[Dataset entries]
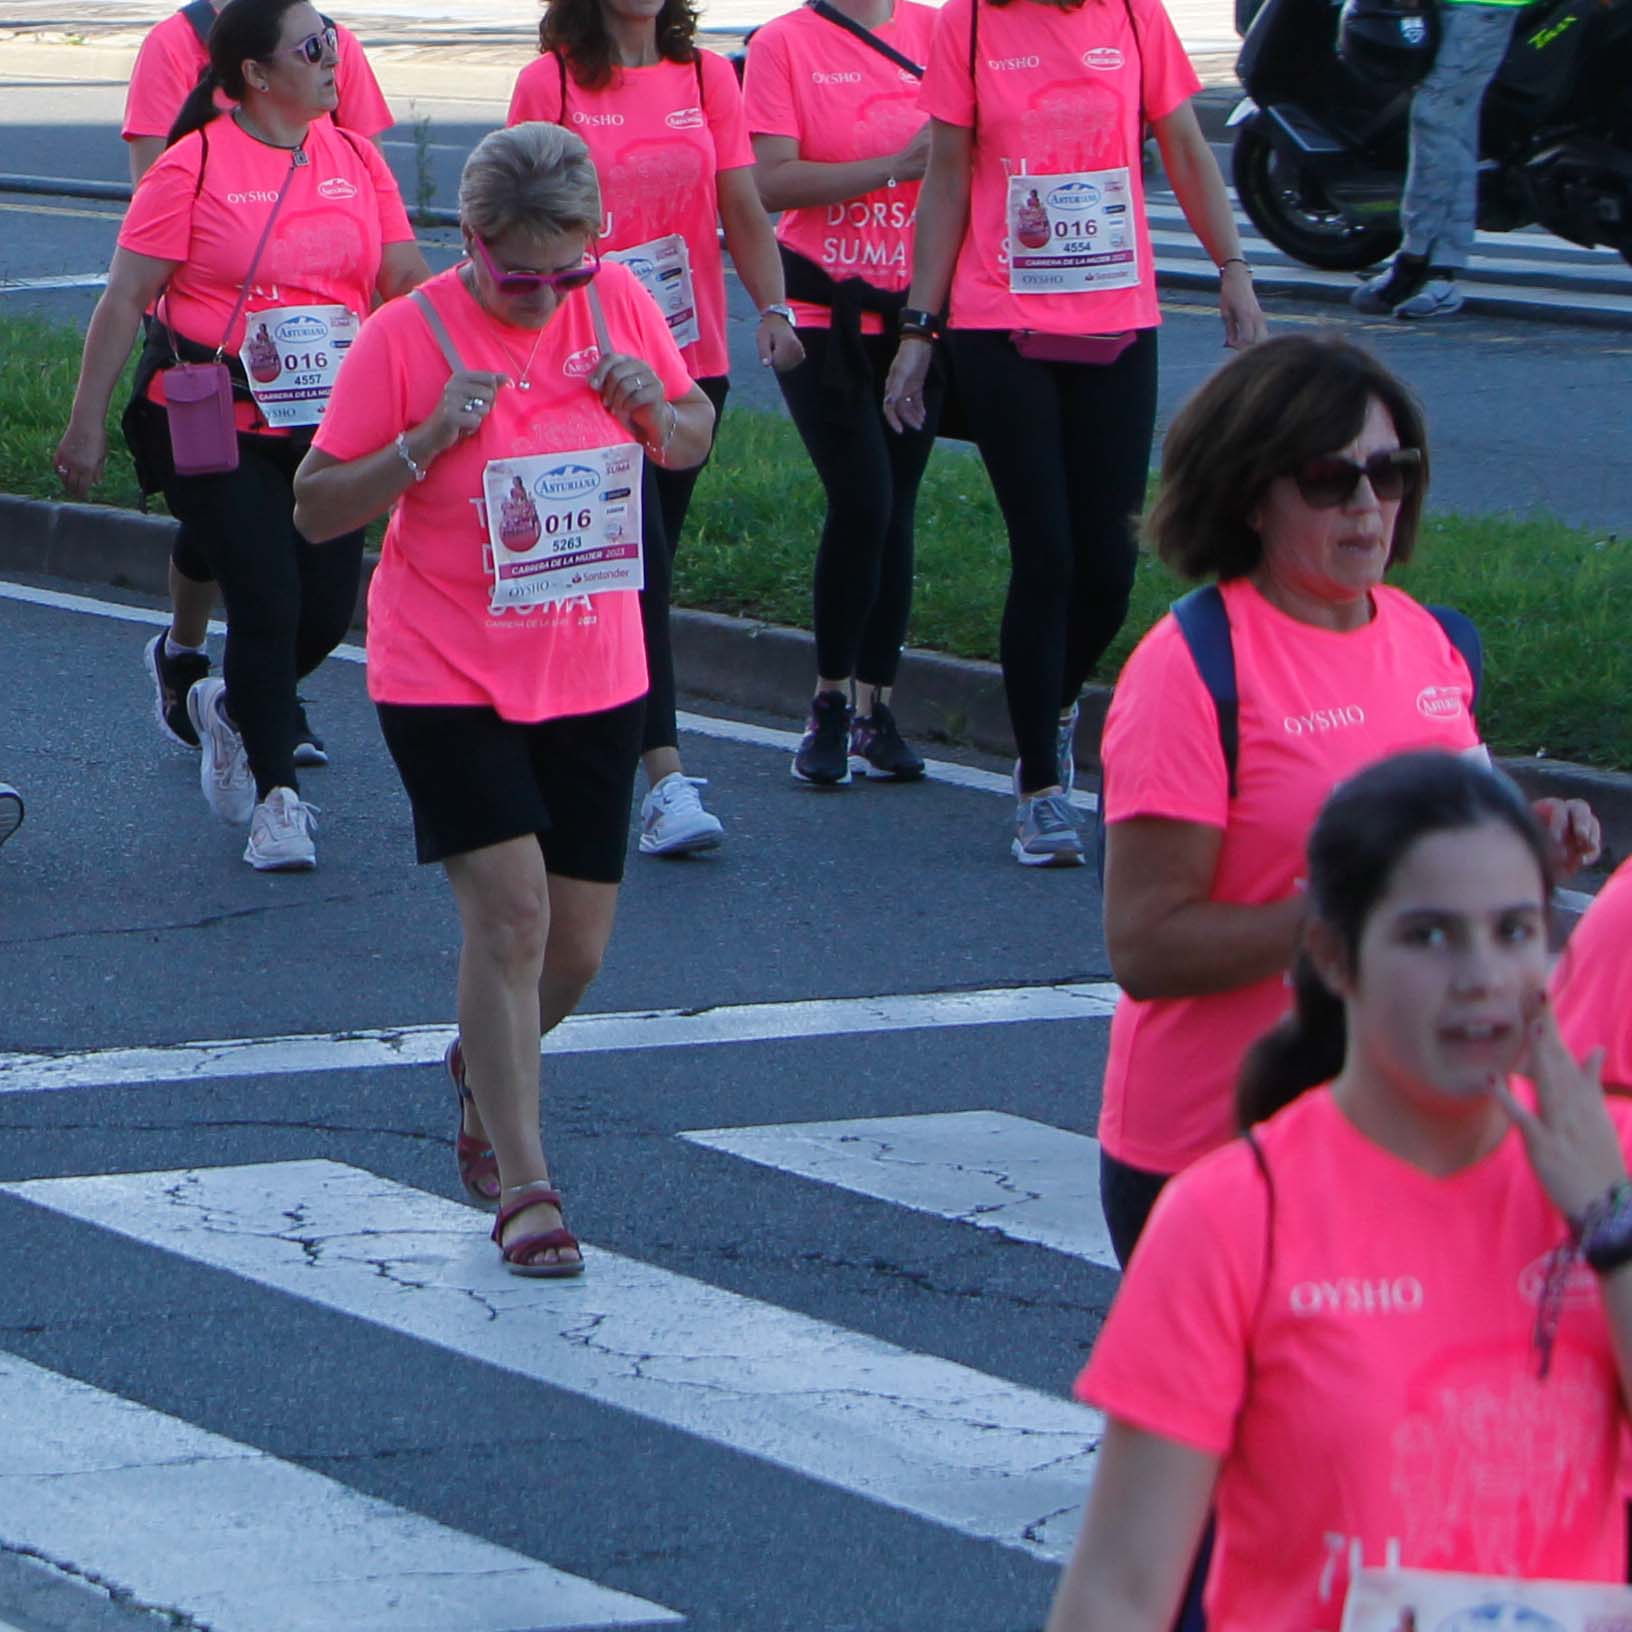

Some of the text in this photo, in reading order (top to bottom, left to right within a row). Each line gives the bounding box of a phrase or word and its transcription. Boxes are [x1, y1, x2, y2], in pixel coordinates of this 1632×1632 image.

[988, 55, 1040, 71] OYSHO
[812, 71, 861, 84] OYSHO
[572, 111, 624, 127] OYSHO
[227, 190, 279, 204] OYSHO
[1050, 193, 1098, 205] ASTURIANA
[1054, 219, 1098, 238] 016
[822, 237, 906, 265] SUMA
[1063, 241, 1091, 253] 4554
[1025, 258, 1063, 267] CARRERA
[1064, 257, 1076, 266] DE
[1077, 257, 1086, 265] LA
[1022, 273, 1064, 285] OYSHO
[279, 326, 325, 338] ASTURIANA
[285, 351, 328, 370] 016
[294, 373, 322, 386] 4557
[259, 391, 294, 402] CARRERA
[295, 390, 306, 399] DE
[307, 389, 316, 398] LA
[539, 477, 596, 495] ASTURIANA
[545, 508, 592, 535] 016
[552, 535, 582, 553] 5263
[512, 560, 550, 575] CARRERA
[551, 559, 563, 568] DE
[563, 556, 574, 566] LA
[575, 551, 603, 563] MUJER
[582, 569, 630, 582] Santander
[508, 580, 550, 598] OYSHO
[1283, 704, 1365, 736] OYSHO
[1290, 1275, 1423, 1316] OYSHO
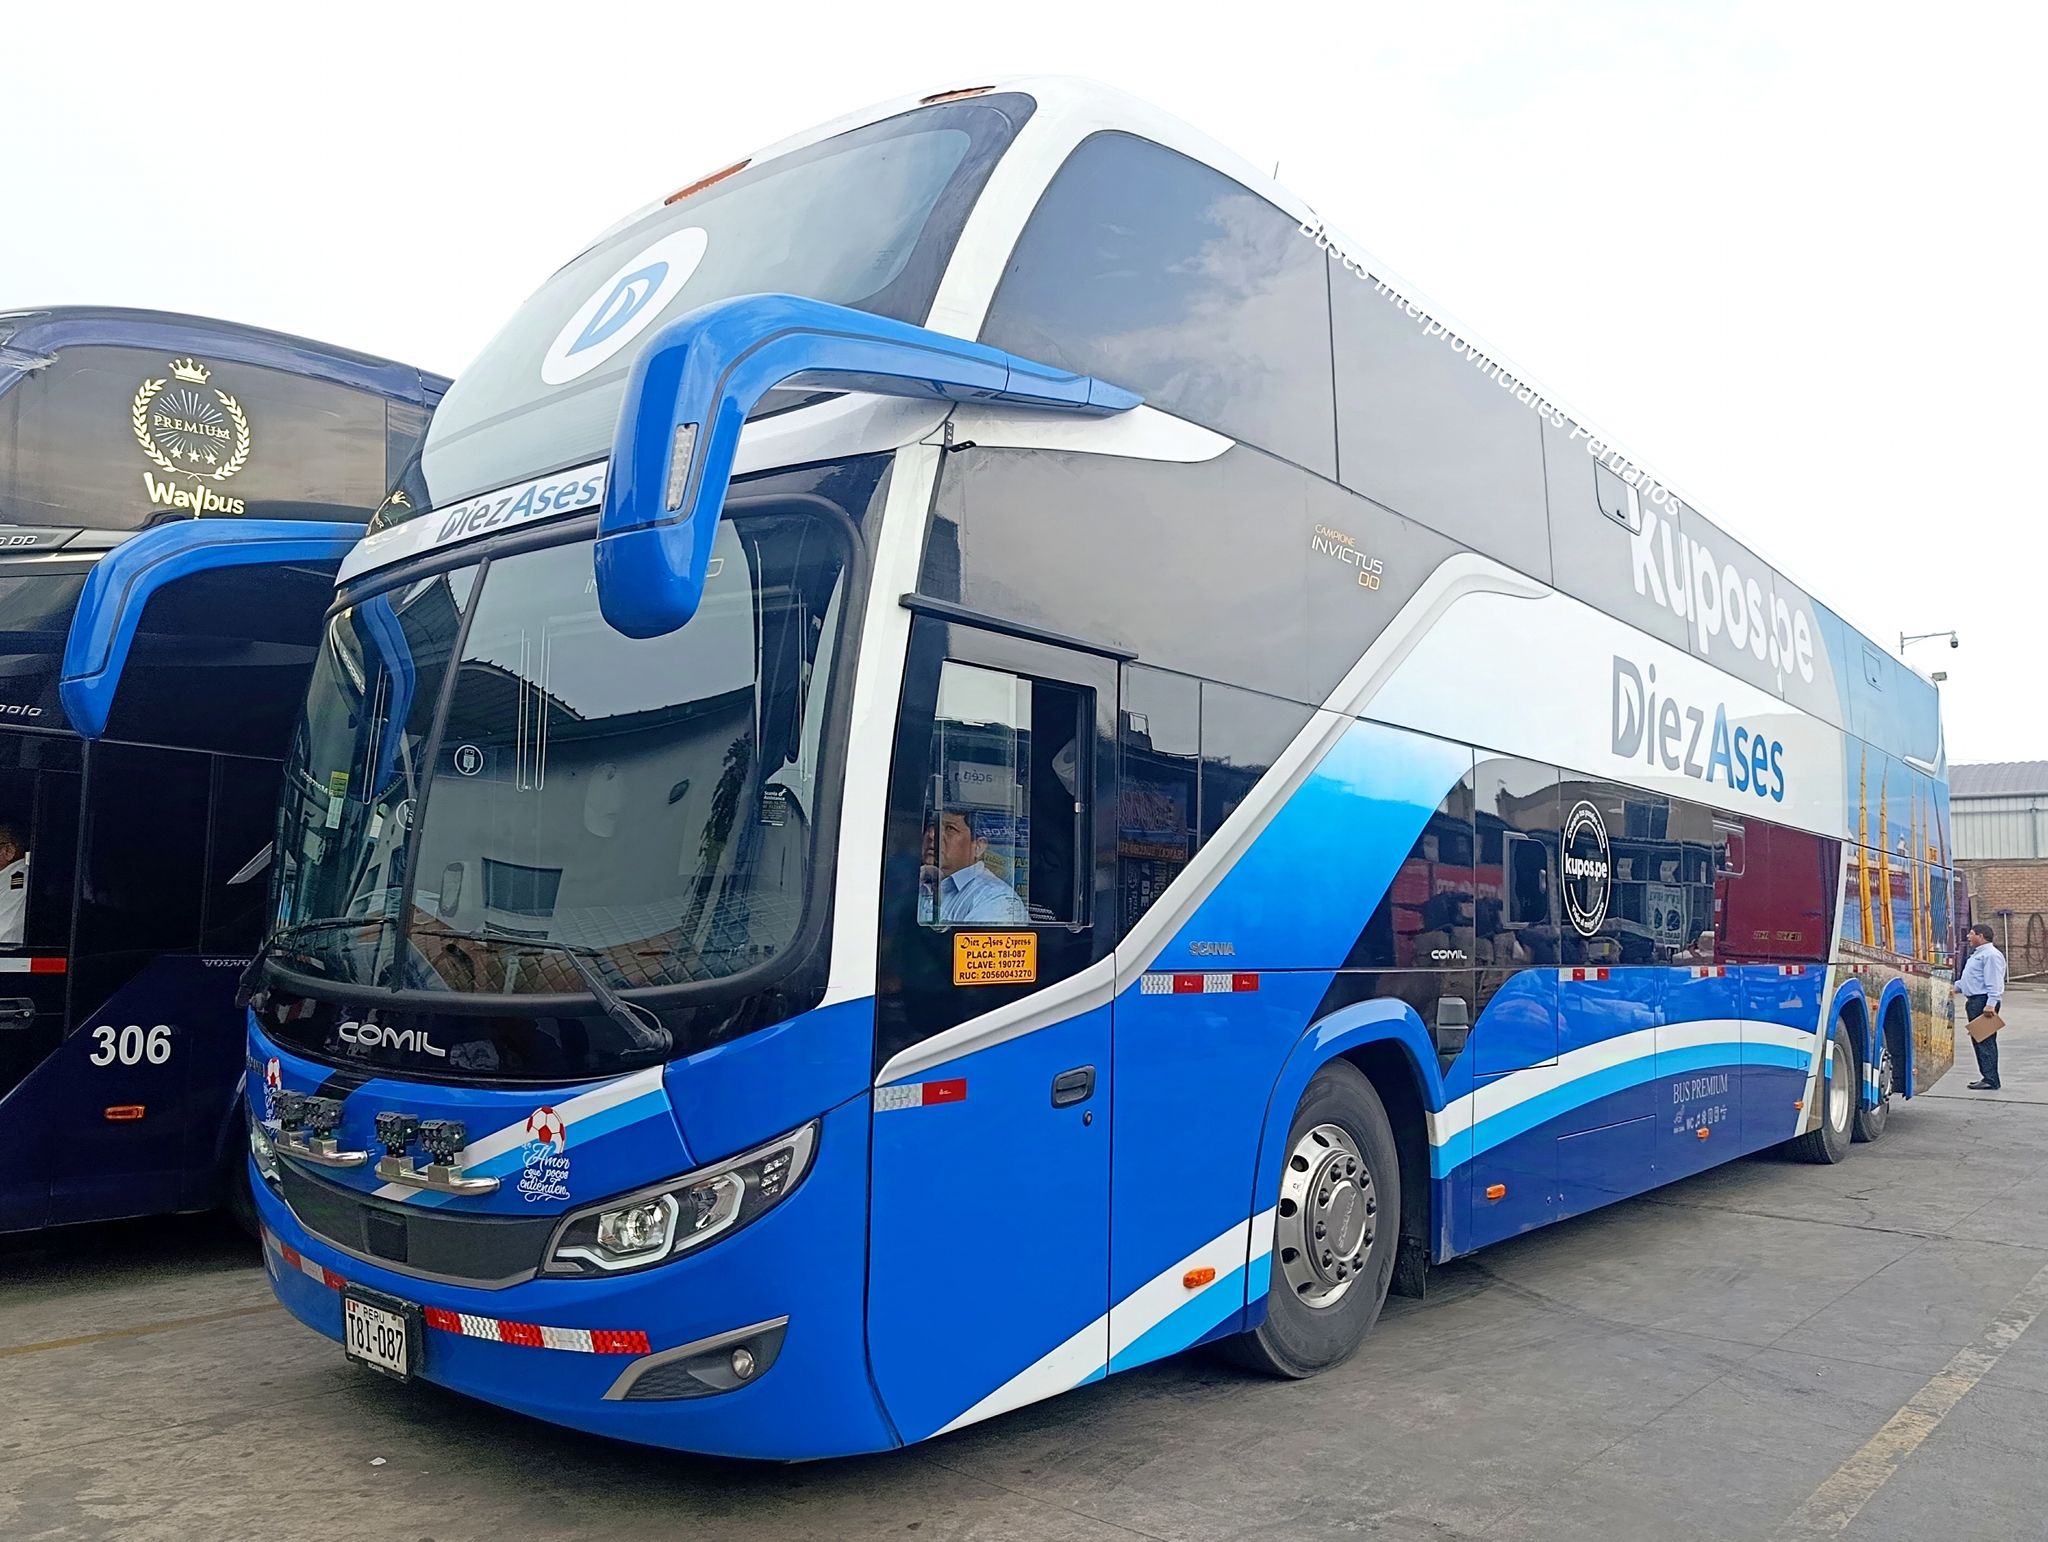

Problem to work on >>
Go through the entries above and output them exactly, without pictures.

Exercise output >>
Some of the text in this photo, in reading order (top to bottom, left to right within a row). Each line gives the bounding box of a phrase or word and its transcription. Boxes are [x1, y1, x2, y2], in pixel coordinates of this 1632×1632 image.

[988, 55, 1040, 71] OYSHO
[812, 71, 861, 84] OYSHO
[572, 111, 624, 127] OYSHO
[227, 190, 279, 204] OYSHO
[1050, 193, 1098, 205] ASTURIANA
[1054, 219, 1098, 238] 016
[822, 237, 906, 265] SUMA
[1063, 241, 1091, 253] 4554
[1025, 258, 1063, 267] CARRERA
[1064, 257, 1076, 266] DE
[1077, 257, 1086, 265] LA
[1022, 273, 1064, 285] OYSHO
[279, 326, 325, 338] ASTURIANA
[285, 351, 328, 370] 016
[294, 373, 322, 386] 4557
[259, 391, 294, 402] CARRERA
[295, 390, 306, 399] DE
[307, 389, 316, 398] LA
[539, 477, 596, 495] ASTURIANA
[545, 508, 592, 535] 016
[552, 535, 582, 553] 5263
[512, 560, 550, 575] CARRERA
[551, 559, 563, 568] DE
[563, 556, 574, 566] LA
[575, 551, 603, 563] MUJER
[582, 569, 630, 582] Santander
[508, 580, 550, 598] OYSHO
[1283, 704, 1365, 736] OYSHO
[1290, 1275, 1423, 1316] OYSHO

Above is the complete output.